Business bankruptcy is available to provide helpful options for companies seeking to return to a successful history. A Tennessee-based restaurant recently announced it was filing for bankruptcy and closing 18 of its 25 restaurants in Tennessee. The plan to close underperforming restaurants is part of an overall plan to improve the financial performance of the restaurant chain. The company filed for Chapter 11 reorganization bankruptcy. The parent company for the restaurant chain has secured $25 million in bankruptcy financing for the restructuring plan.

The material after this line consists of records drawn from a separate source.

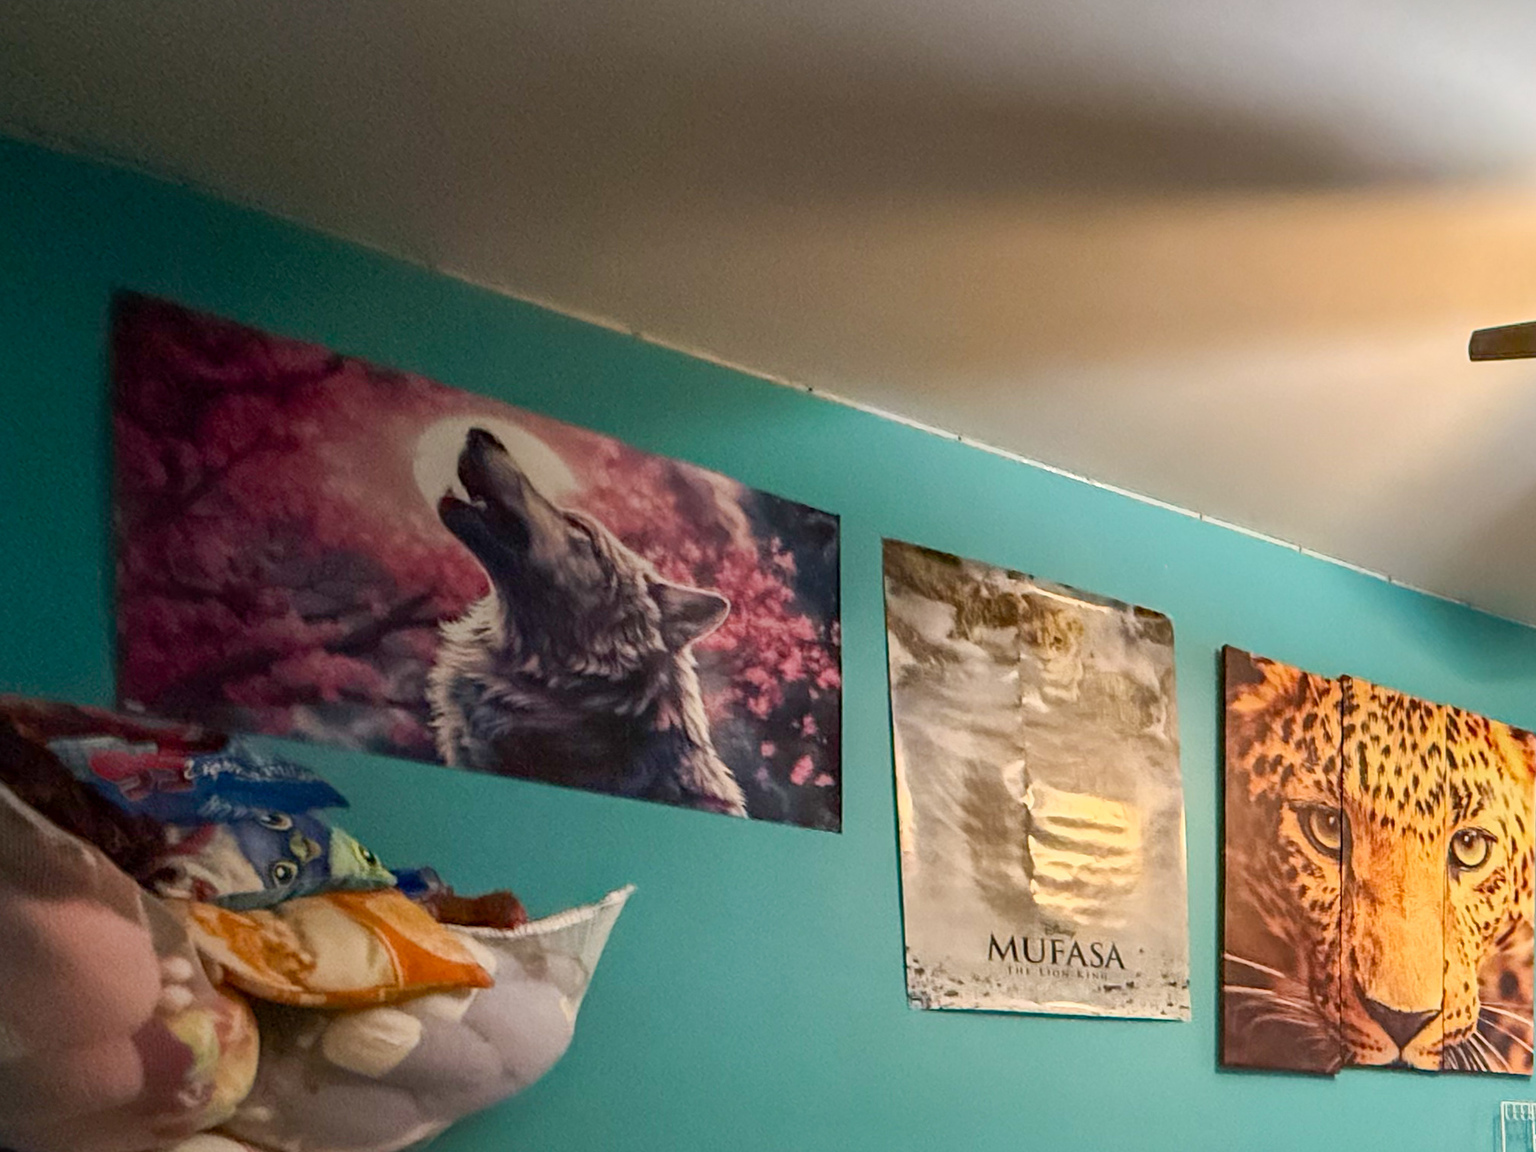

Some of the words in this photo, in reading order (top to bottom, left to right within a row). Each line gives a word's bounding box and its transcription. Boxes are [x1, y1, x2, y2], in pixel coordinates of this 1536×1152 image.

[988, 932, 1126, 970] MUFASA
[1007, 965, 1030, 976] THE
[1039, 967, 1070, 978] LION
[1076, 970, 1108, 981] KING
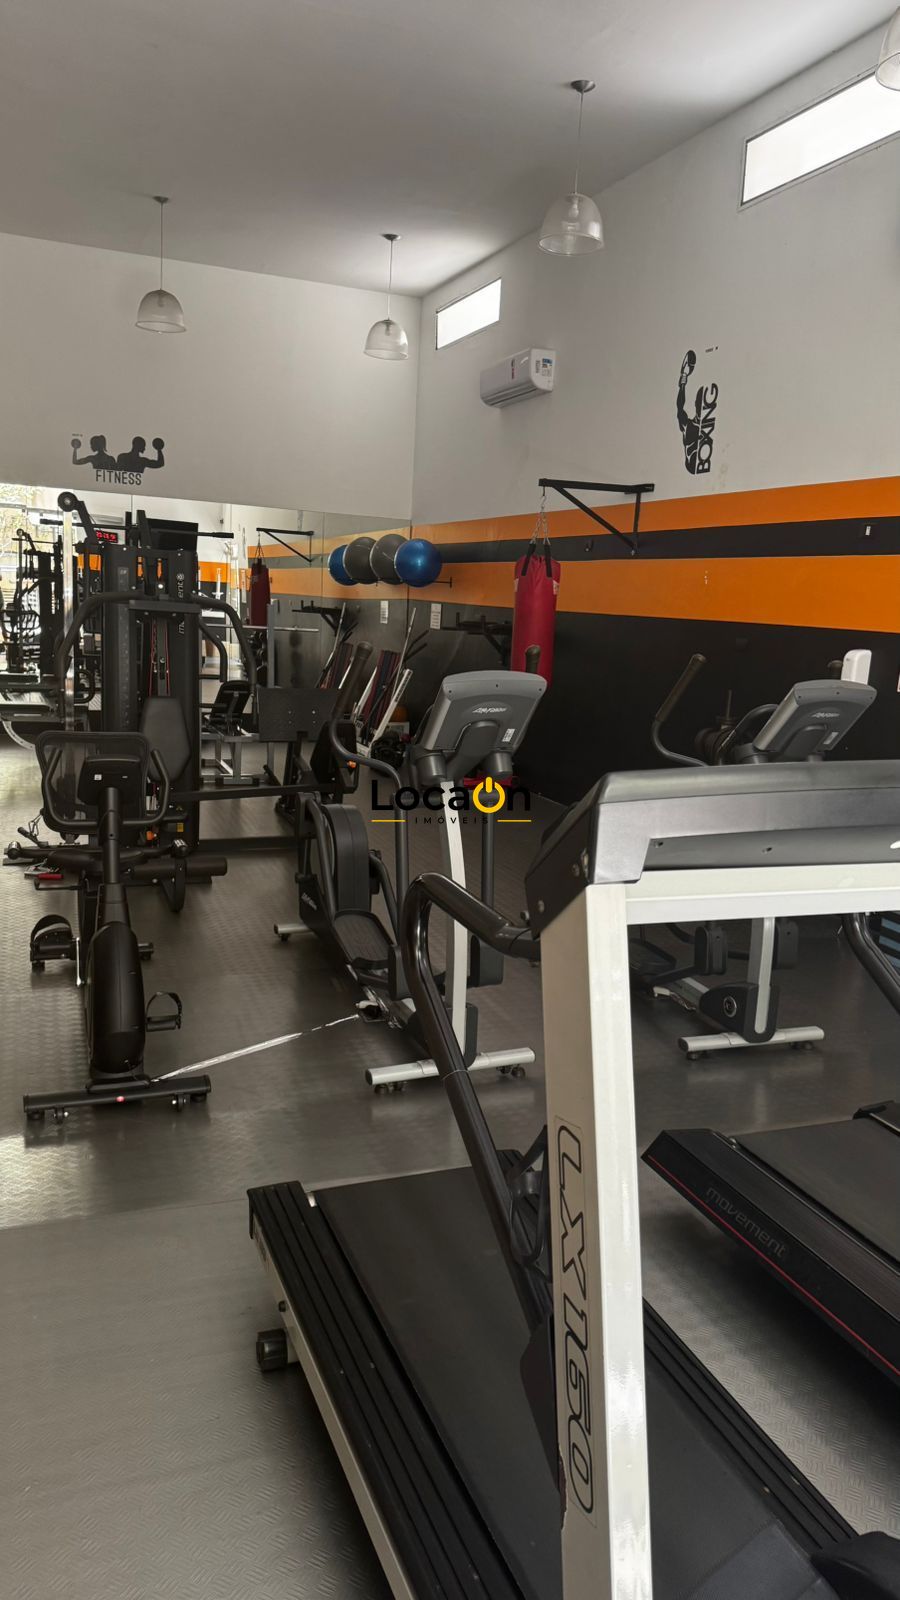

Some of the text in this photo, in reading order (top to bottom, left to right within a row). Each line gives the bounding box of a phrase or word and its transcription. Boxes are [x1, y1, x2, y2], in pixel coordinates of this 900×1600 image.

[696, 383, 718, 474] BOXING
[95, 469, 142, 486] FITNESS
[706, 1187, 786, 1258] movement
[557, 1125, 594, 1514] LX160

The restaurant chain had a difficult first half of 2016. Foot traffic for the chain fell by nearly 9 percent and sales fell by 4 percent. As of last October, the restaurant chain had $525.4 million in liabilities and $12.9 million in cash. The bankruptcy filing provides that the restaurant chain has 25,000 creditors, $416 million in debts and an estimated $100 million to $500 million in assets. The restaurant chain also operates restaurants in other states.
Business bankruptcy is an option that allows a struggling business to reorganize and return to the profitability it once enjoyed. It also allows the company to continue to operate during the bankruptcy under most circumstances. In addition, like all bankruptcies, once a bankruptcy petition is filed, an automatic stay ends creditor collection actions and provides some breathing room for the struggling business.
Though bankruptcy can be a good option in many circumstances, it can also be complex and may include different choices and various requirements. Because of the helpful, but sometimes complicated, nature of the bankruptcy process, it is important when considering bankruptcy to understand how it works and how it can benefit a struggling company.